Business interruption policies - who’s entitled to a payout?
High court ruling
In mid-September the High Court ruled against insurance companies which had refused to pay out on claims made on businesses interruption policies. The case was taken by the Financial Conduct Authority (FCA) on behalf of businesses that suffered significant financial loss or closure because of the coronavirus lockdown. The ruling affects most but not all business interruption policies but is mainly relevant to small and medium-sized enterprises (SMEs).
A cross-section of policies
The High Court looked at 21 sample policies of the type insurance companies issue to SMEs. It considered the key policy clauses which might entitle you to make a valid claim. The clauses apply where financial losses result from:
- Disease. This is for the consequences of the occurrence of a notifiable disease within a specified radius of your business premises.
- Prevention of access. This is cover where there’s been prevention or hindrance of access to or use of your business premises because of central government or another authority’s action or restrictions.
- Hybrid conditions. This refers to cover which is a hybrid of the first two categories, where restrictions are imposed on your business premises because of a notifiable disease.
The High Court indicated that businesses with policies including one or all of those clauses might be entitled to payment for their losses, especially those with the “disease” or “hybrid” clause. But what does this mean to policyholders?
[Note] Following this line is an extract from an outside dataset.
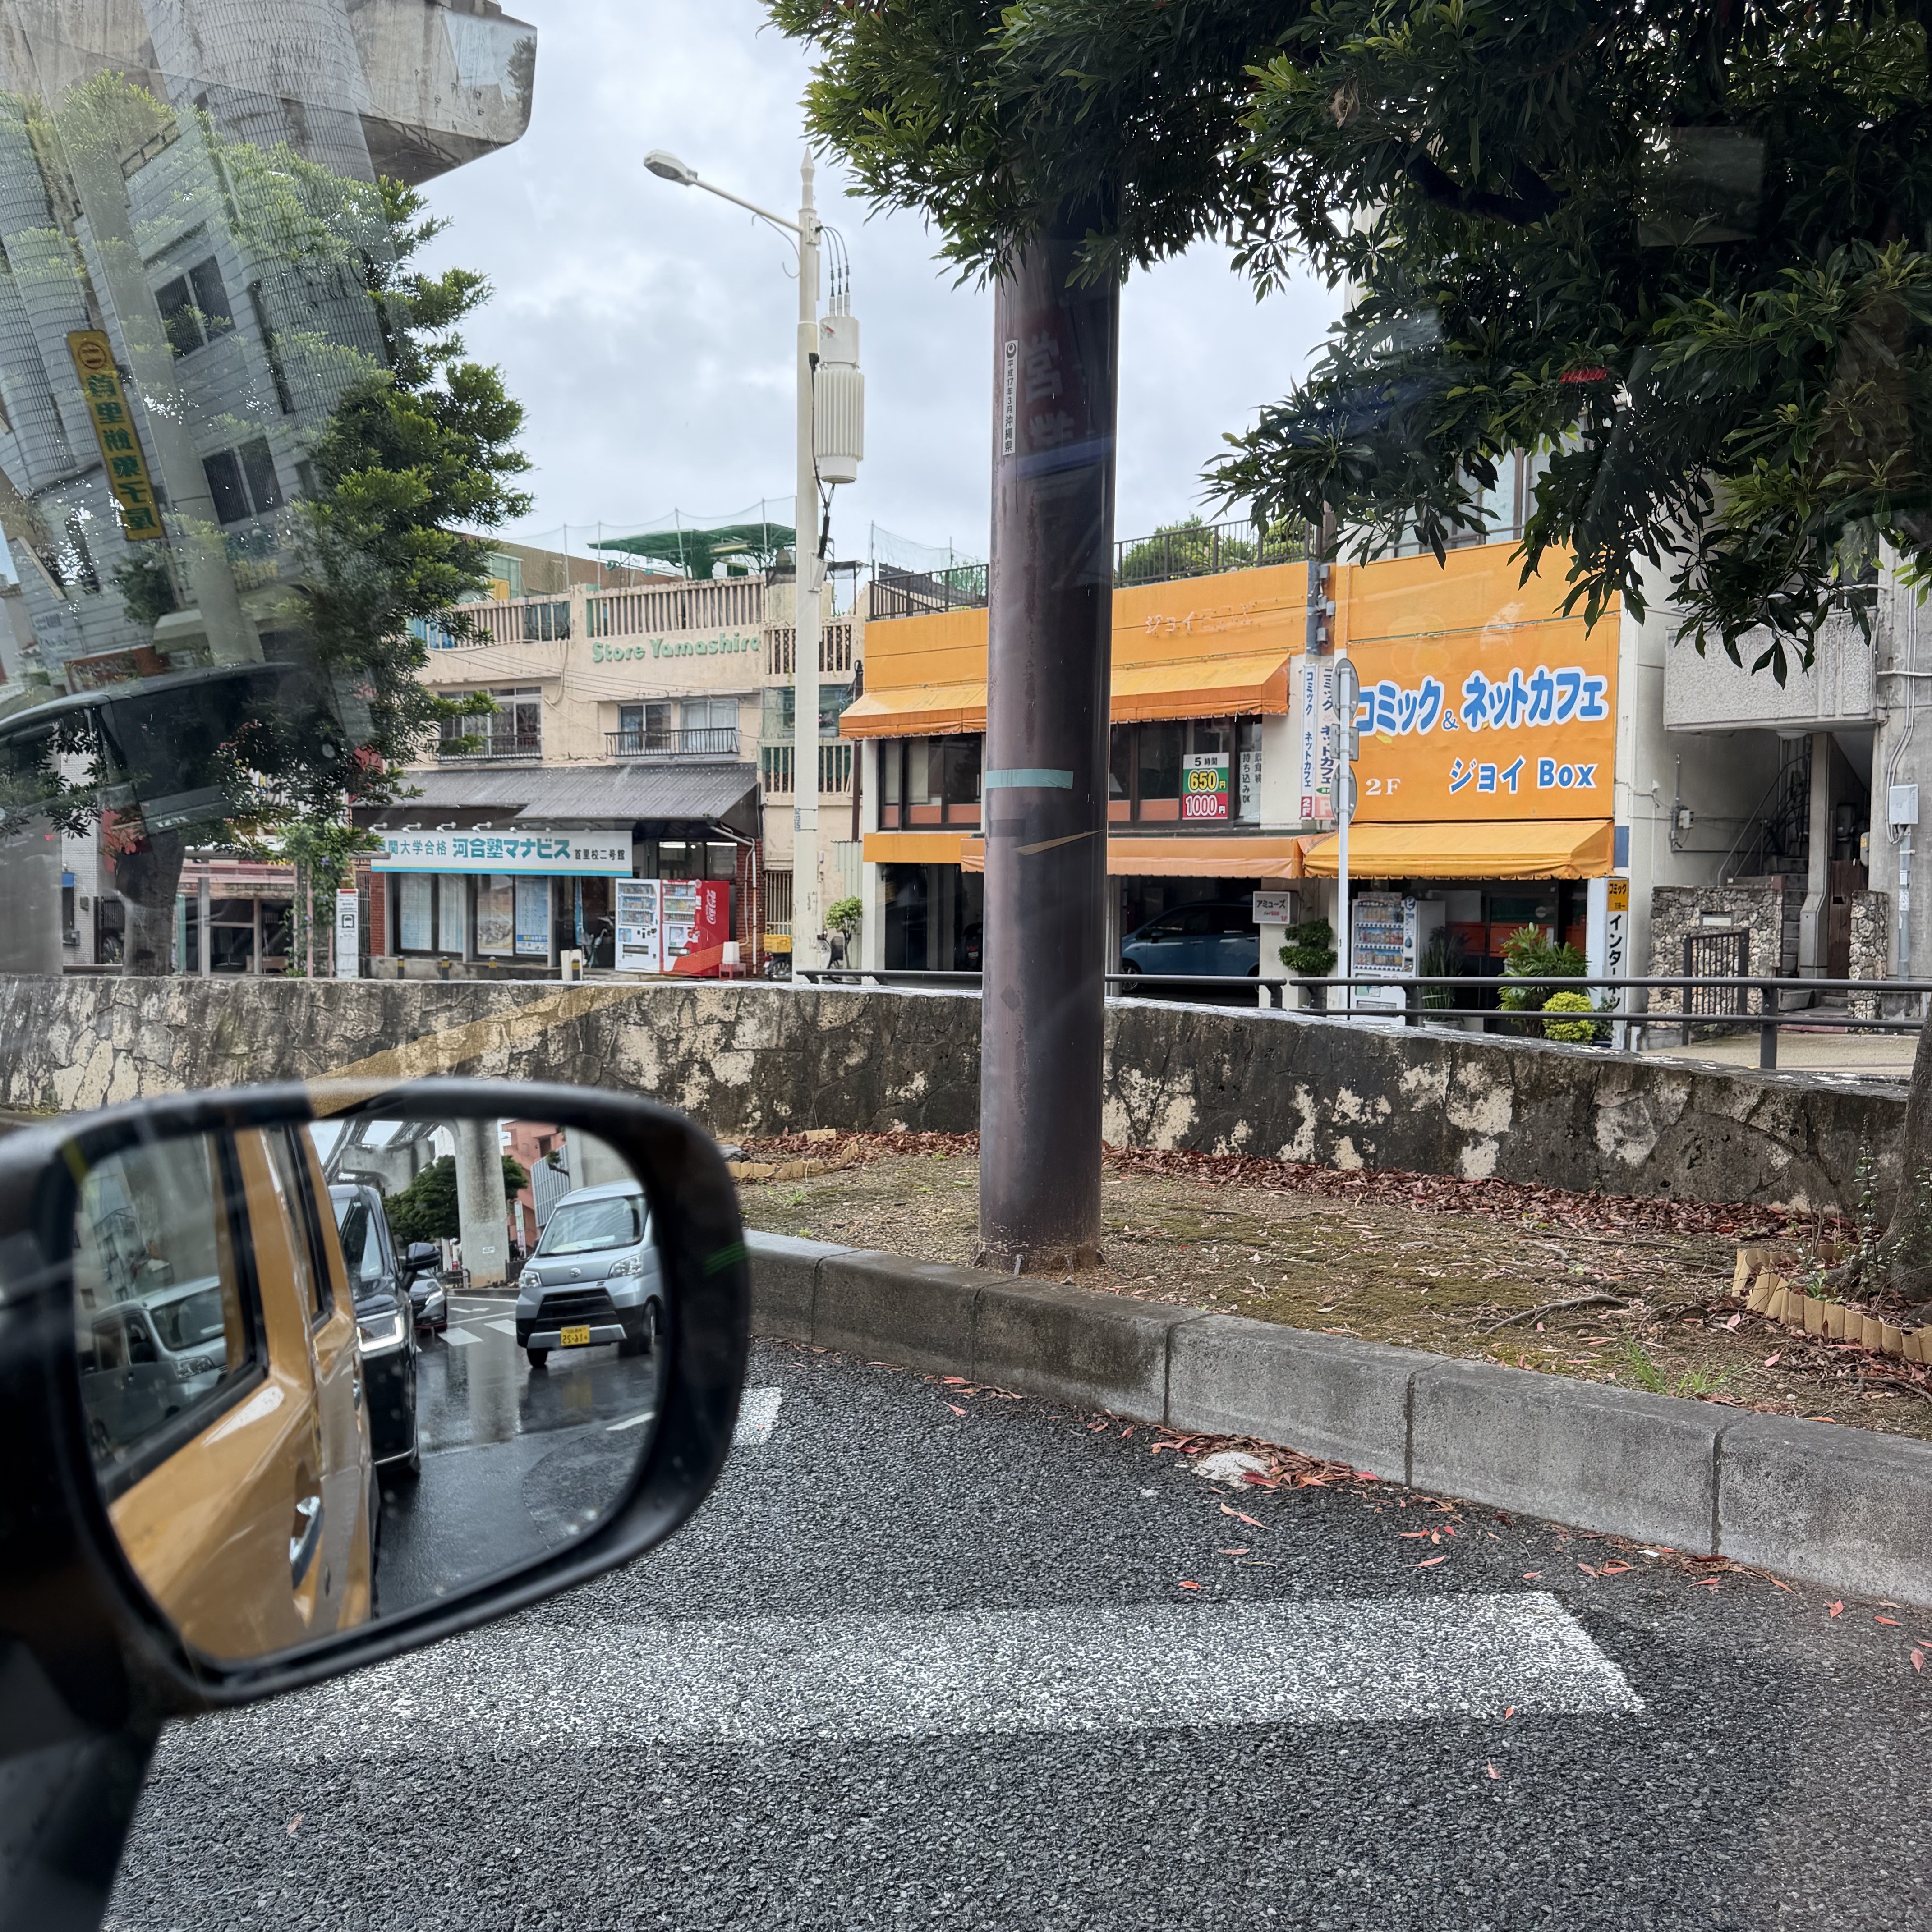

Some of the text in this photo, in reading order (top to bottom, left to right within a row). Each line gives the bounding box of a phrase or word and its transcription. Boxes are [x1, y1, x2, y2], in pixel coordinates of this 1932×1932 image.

Case-by-case consideration
Having a policy which includes one of the key clauses doesn’t mean you automatically qualify for a payout. You still need to show that your business suffered financial loss and that it resulted from the issues referred to in the policy clause. For example, say a delivery service increased its business during the lockdown but ultimately lost money because its main customer went bust and couldn’t pay. The insurance company’s liability to the delivery business, if any, is not clear. Ultimately, each claim must be considered on the circumstances which apply specifically to the claimant.
What’s the point of the ruling?
The decision means that if your policy includes one of the key clauses there’s no need for you to prove that it covers coronavirus-related financial losses. Unless the High Court’s decision is overturned you are entitled to make a claim and move straight on to demonstrating that the loss was caused by coronavirus and how much the loss was.
What next?
It seems likely that insurance companies will appeal against the ruling. In the meantime, if you have a business interruption policy, you ought to have received a letter from the insurance company telling you what they plan to do about existing and future claims. If you haven’t received a letter you should contact your insurance company or broker.